Records from a data collection:

"""

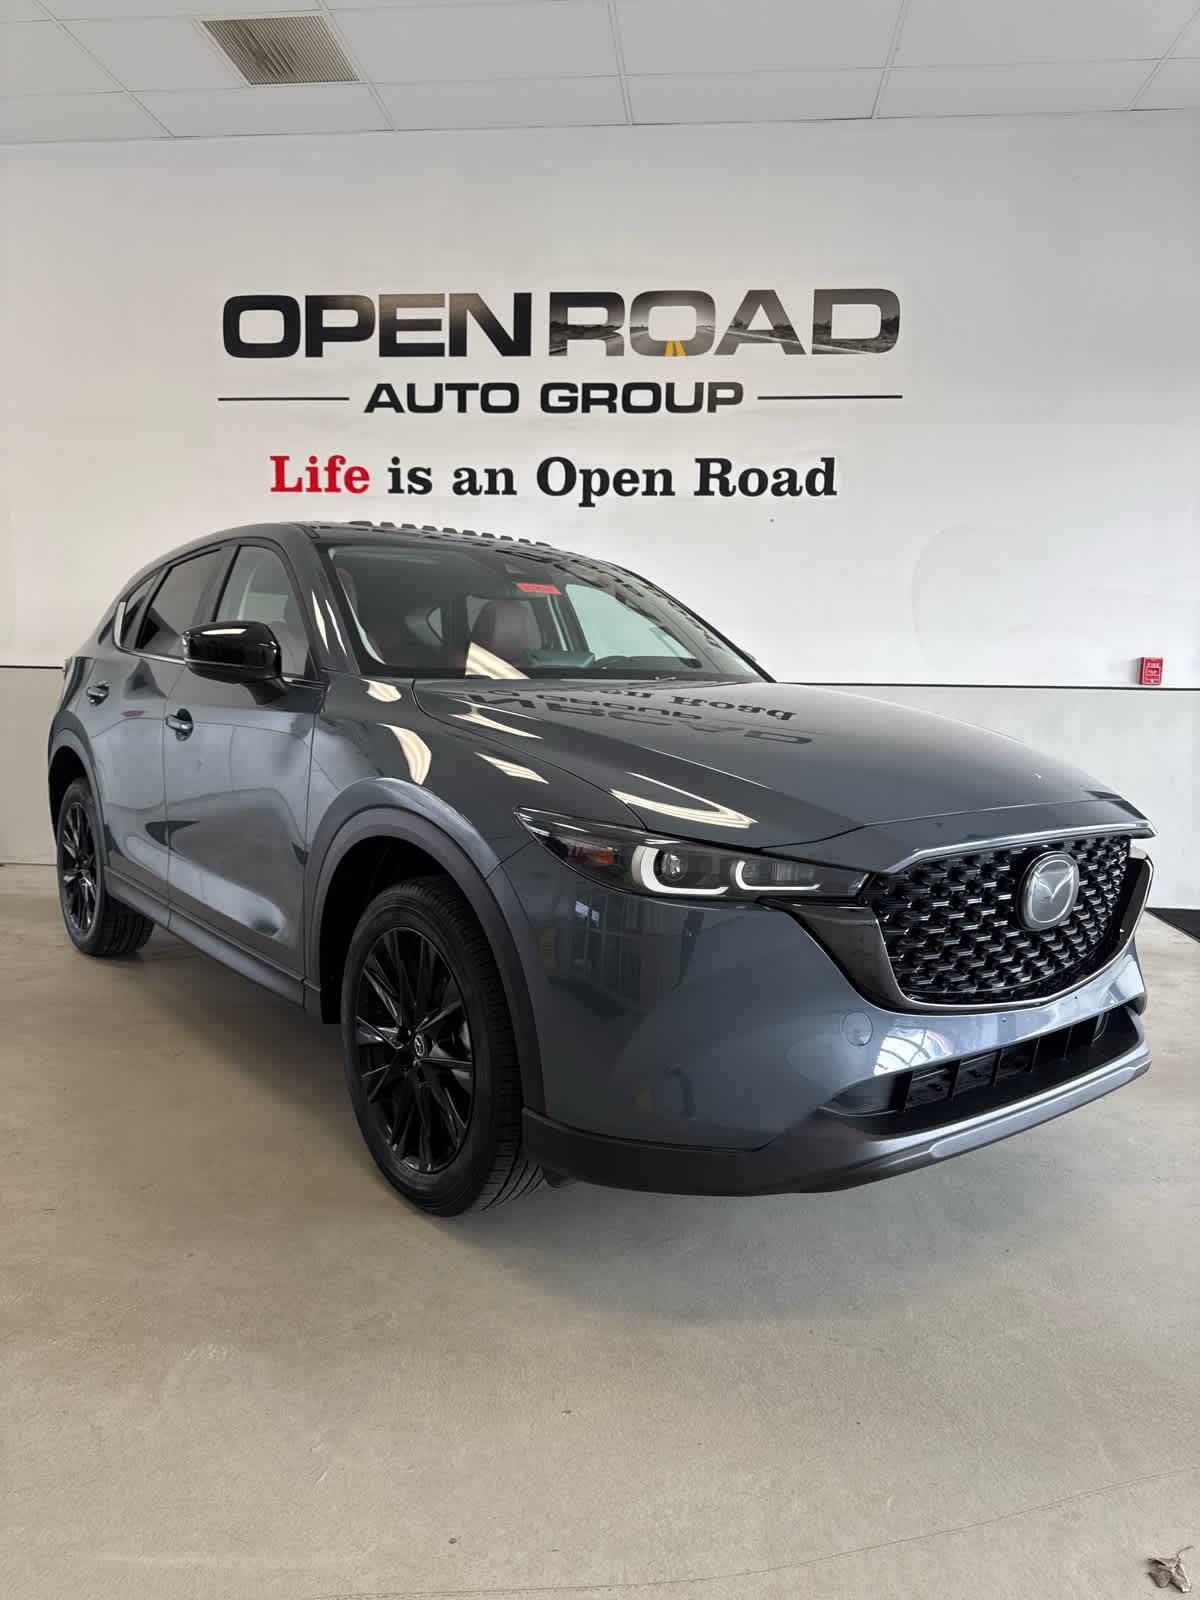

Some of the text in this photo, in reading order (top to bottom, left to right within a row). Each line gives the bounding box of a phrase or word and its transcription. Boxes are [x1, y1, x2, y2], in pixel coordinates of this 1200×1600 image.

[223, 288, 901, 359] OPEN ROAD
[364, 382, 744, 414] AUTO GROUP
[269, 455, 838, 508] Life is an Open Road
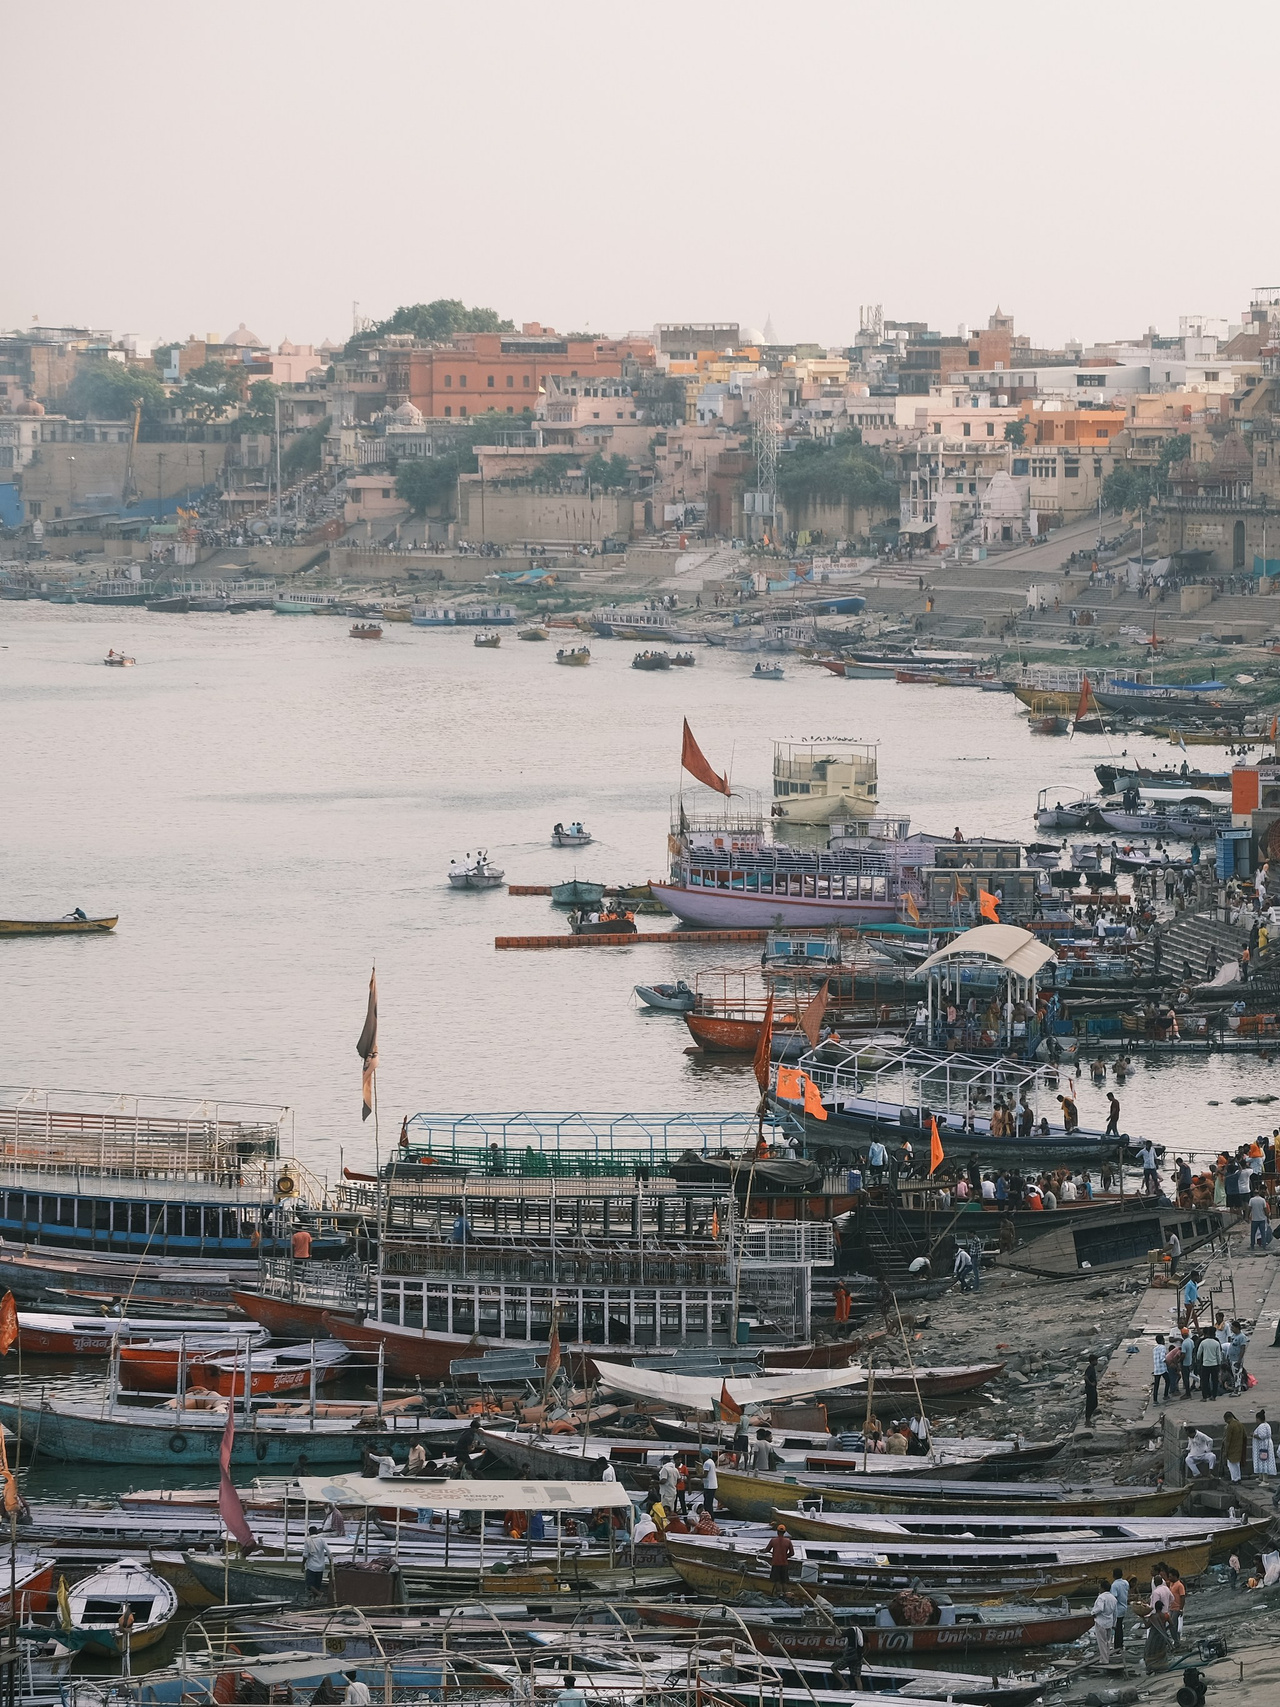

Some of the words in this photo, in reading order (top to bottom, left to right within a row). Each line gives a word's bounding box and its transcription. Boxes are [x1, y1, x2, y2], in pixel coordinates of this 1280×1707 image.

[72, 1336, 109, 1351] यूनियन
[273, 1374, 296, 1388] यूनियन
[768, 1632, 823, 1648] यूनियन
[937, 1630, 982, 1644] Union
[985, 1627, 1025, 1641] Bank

"""

Without including any pictures, please restate all the records exactly.

Some of the text in this photo, in reading order (top to bottom, left to right within a row). Each line gives the bounding box of a phrase or word and its transcription. Boxes are [x1, y1, x2, y2], in pixel coordinates of this 1200×1600 image.

[223, 288, 901, 359] OPEN ROAD
[364, 382, 744, 414] AUTO GROUP
[269, 455, 838, 508] Life is an Open Road

Some of the words in this photo, in reading order (top to bottom, left to right within a row). Each line gives a word's bounding box and its transcription. Boxes are [x1, y1, x2, y2], in pixel coordinates of this 1280×1707 image.

[72, 1336, 109, 1351] यूनियन
[273, 1374, 296, 1388] यूनियन
[768, 1632, 823, 1648] यूनियन
[937, 1630, 982, 1644] Union
[985, 1627, 1025, 1641] Bank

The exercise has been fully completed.